We will review this book through the lens of a counselor/educator.
"A tremendous resource for parents and professionals alike." --Thomas Atwood, president and CEO, National Council for Adoption
"A must-read not only for adoptive parents but for all families striving to correct and connect with their children." --Carol S. Kranowitz, M.A., author of The Out-of-Sync Child
"The Connected Child is the literary equivalent of an airline oxygen mask and instructions: place the mask over your own face first, then over the nose of your child. This book first assists the parent, saying, in effect, 'Calm down, you're not the first mom or dad in the world to face this hurdle, breathe deeply, then follow these simple steps.' The sense of not facing these issues alone -- the relief that your child's behavior is not off the charts -- is hugely comforting. Other children have behaved this way; other parents have responded thusly; welcome to the community of therapeutic and joyful adoptive families." Melissa Fay Greene Author of There is No Me Without You: One Woman's Odyssey to Rescue Africa's Children
iGen: Why Today's Super-Connected Kids Are Growing Up Less Rebellious, More Tolerant, Less Happy-- and Completely Unprepared for Adulthood--and What That Means for the Rest of Us by Jean Twenge - 6 hours of NTD
With generational divides wider than ever, parents, educators, and employers have an urgent need to understand today’s rising generation of teens and young adults. Born in the mid-1990s to the mid2000s and later, iGen is the first generation to spend their entire adolescence in the age of the smartphone. With social media and texting replacing other activities, iGen spends less time with their friends in person—perhaps why they are experiencing unprecedented levels of anxiety, depression, and loneliness.
But technology is not the only thing that makes iGen distinct from every generation before them; they are also different in how they spend their time, how they behave, and in their attitudes toward religion, sexuality, and politics. They socialize in completely new ways, reject once sacred social taboos, and want different things from their lives and careers. More than previous generations, they are obsessed with safety, focused on tolerance, and have no patience for inequality. iGen is also growing up more slowly than previous generations: eighteen-year-olds look and act like fifteen-year-olds used to.

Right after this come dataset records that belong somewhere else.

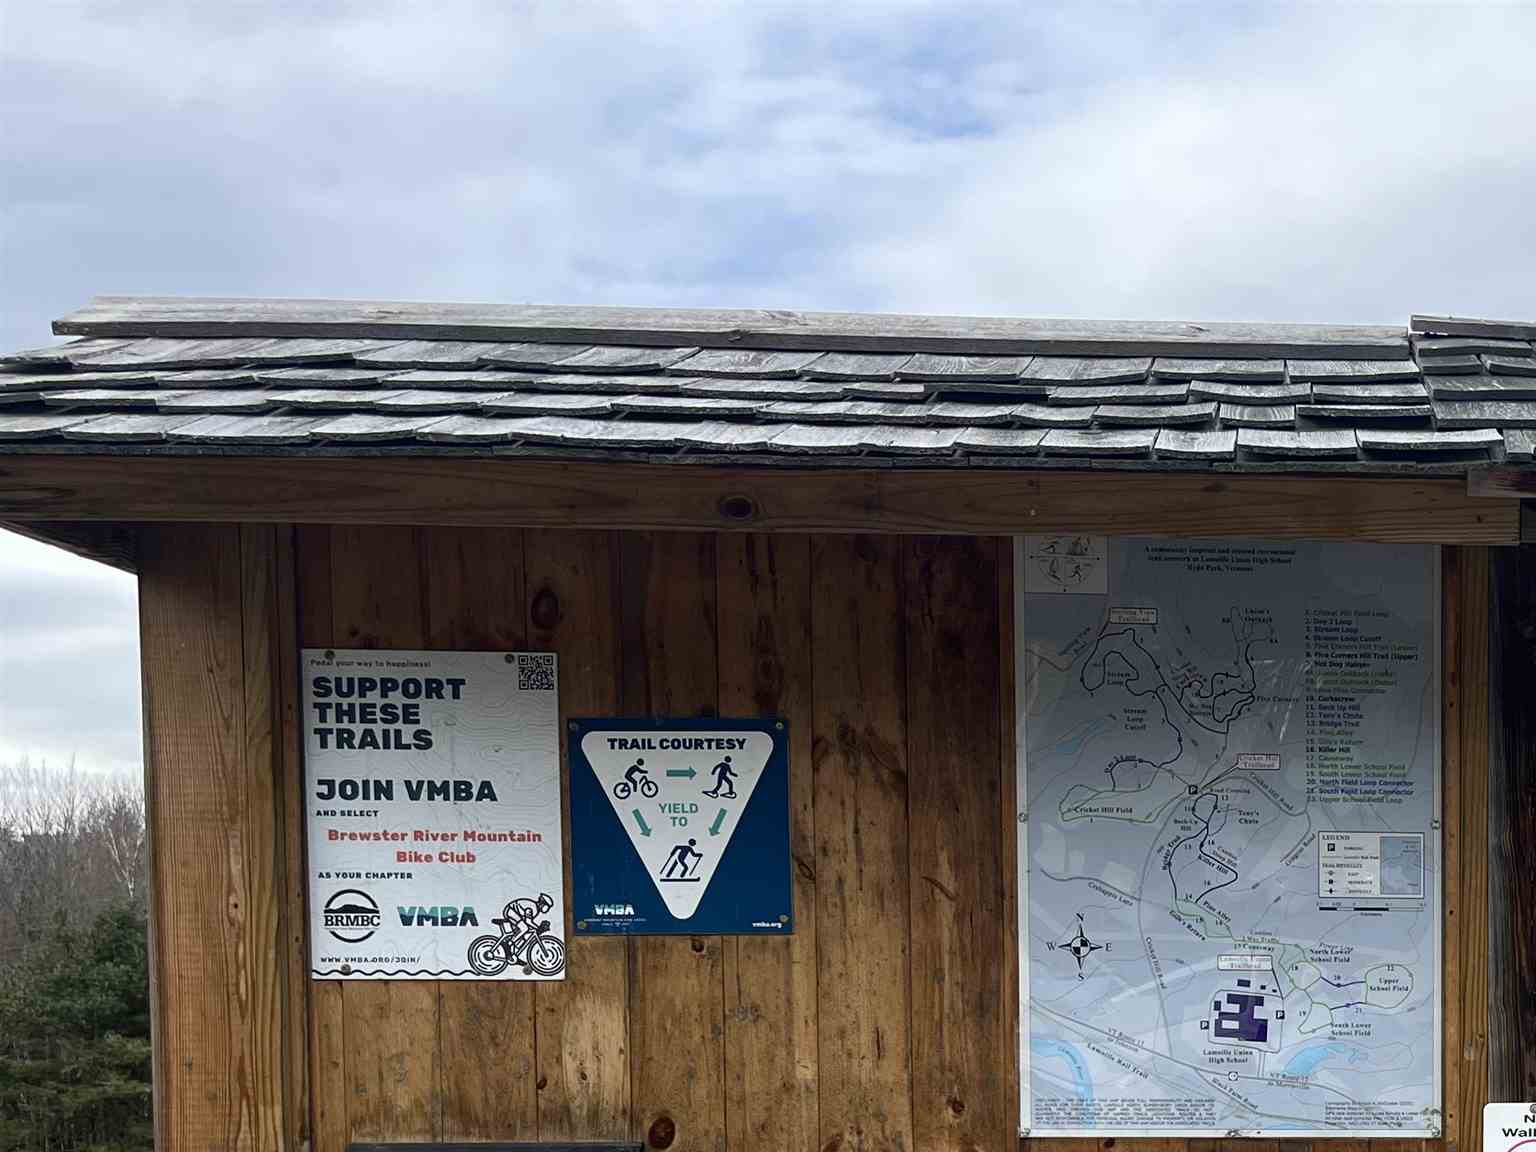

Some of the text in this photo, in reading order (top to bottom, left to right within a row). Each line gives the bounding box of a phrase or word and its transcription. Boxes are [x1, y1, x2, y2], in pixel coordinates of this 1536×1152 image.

[312, 677, 466, 699] SUPPORT
[313, 703, 420, 724] THESE
[314, 729, 433, 750] TRAILS
[607, 738, 746, 749] TRAIL COURTESY
[316, 779, 498, 801] JOIN VMBA
[659, 804, 698, 813] YIELD
[670, 817, 688, 826] TO
[328, 830, 542, 842] Brewster River Mountain
[397, 851, 476, 863] Bike Club
[397, 906, 478, 926] VMBA
[594, 905, 634, 915] VMBA
[325, 915, 381, 927] BRMBC
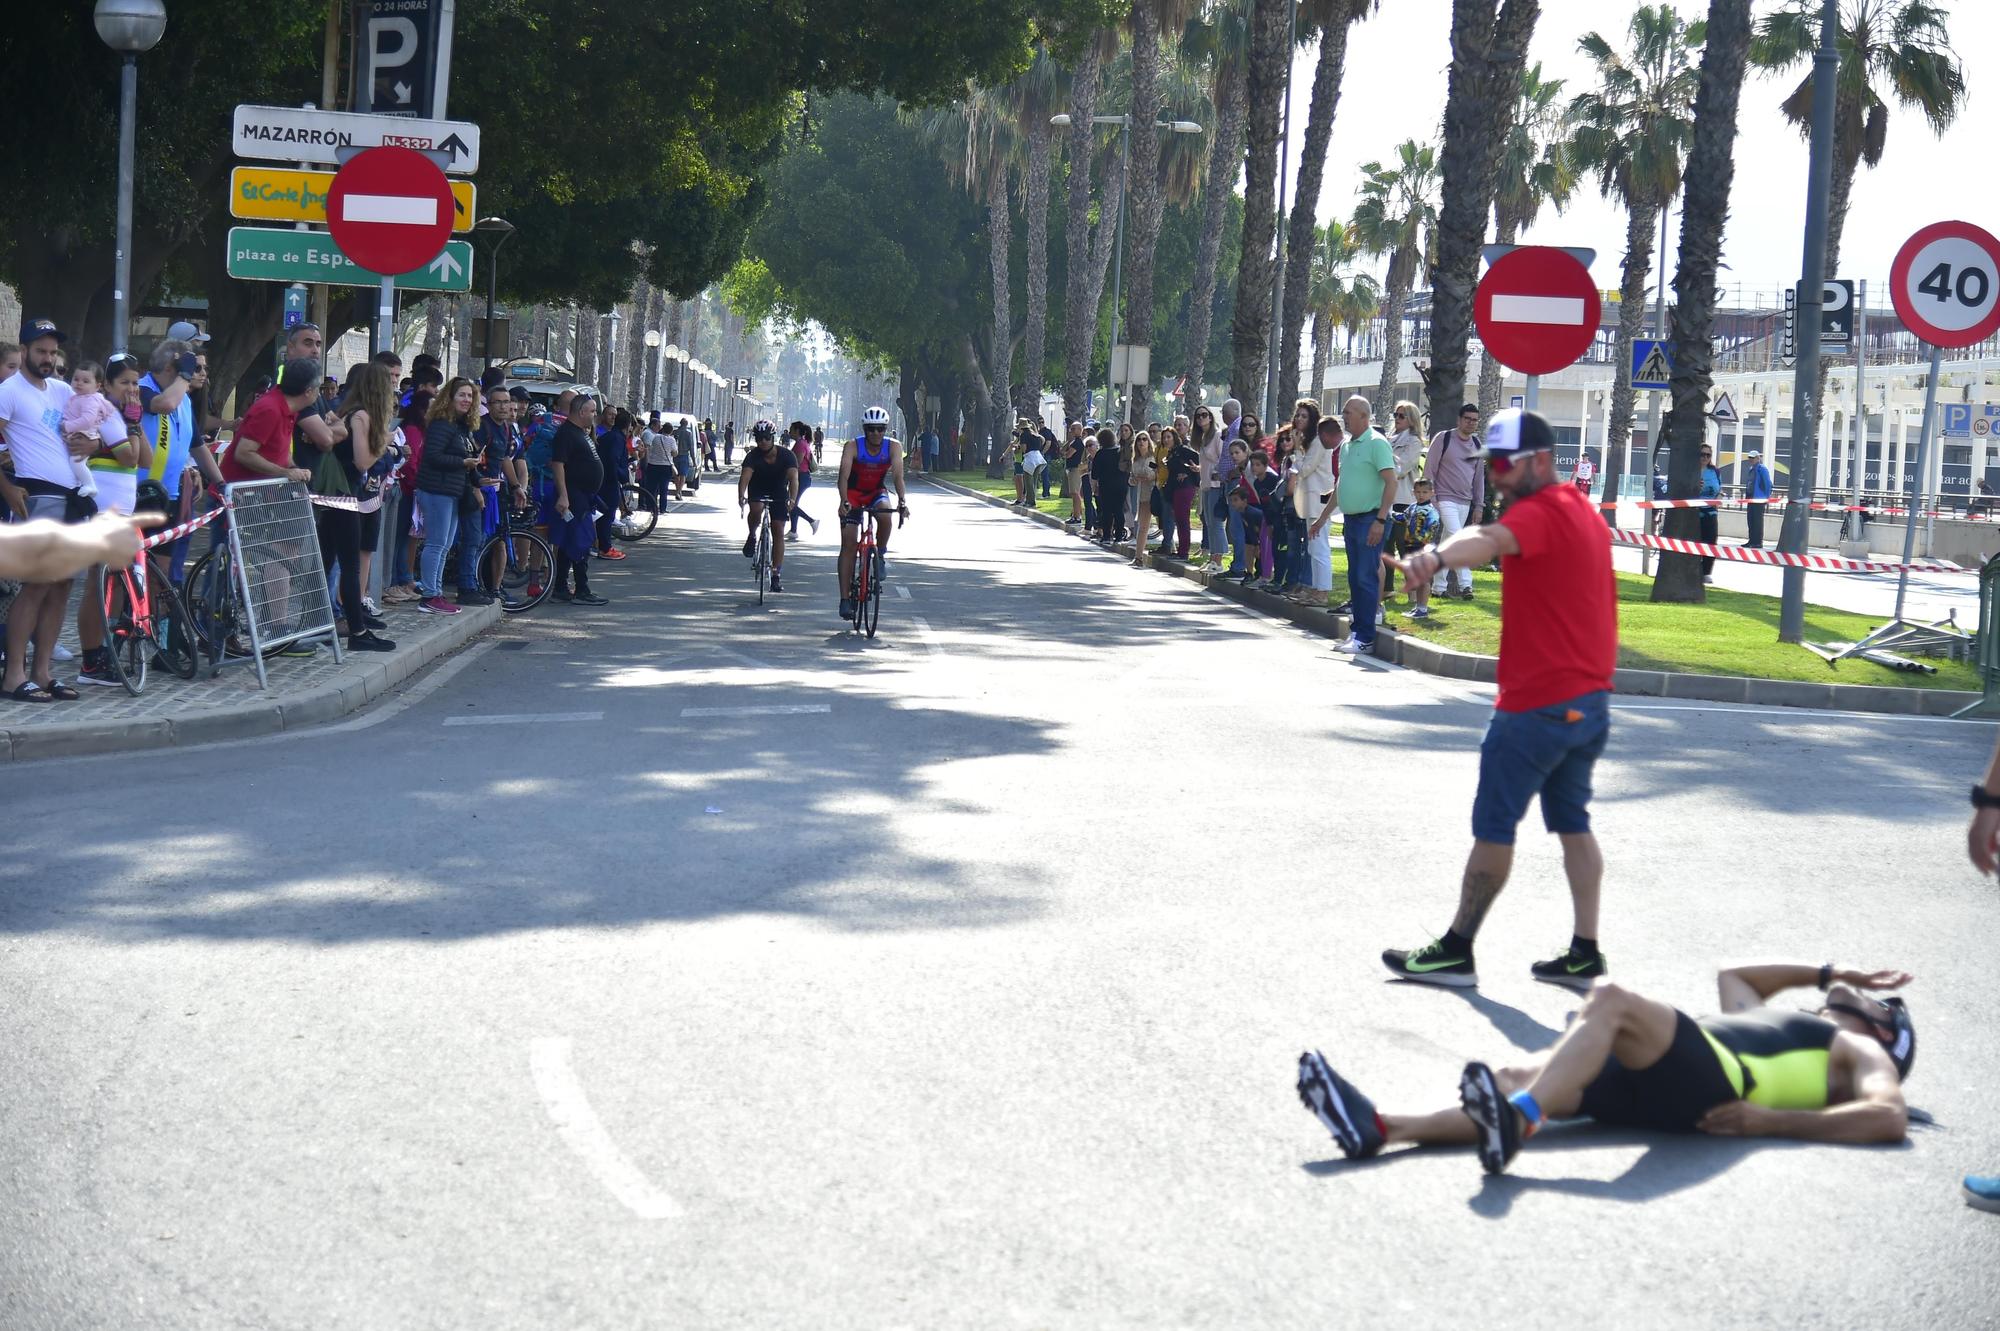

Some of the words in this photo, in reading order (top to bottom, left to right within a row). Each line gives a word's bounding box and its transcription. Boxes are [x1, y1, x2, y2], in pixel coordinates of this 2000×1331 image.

As this new group of young people grows into adulthood, we all need to understand them: Friends and family need to look out for them; businesses must figure out how to recruit them and sell to them; colleges and universities must know how to educate and guide them. And members of iGen also need to understand themselves as they communicate with their elders and explain their views to their older peers. Because where iGen goes, so goes our nation—and the world.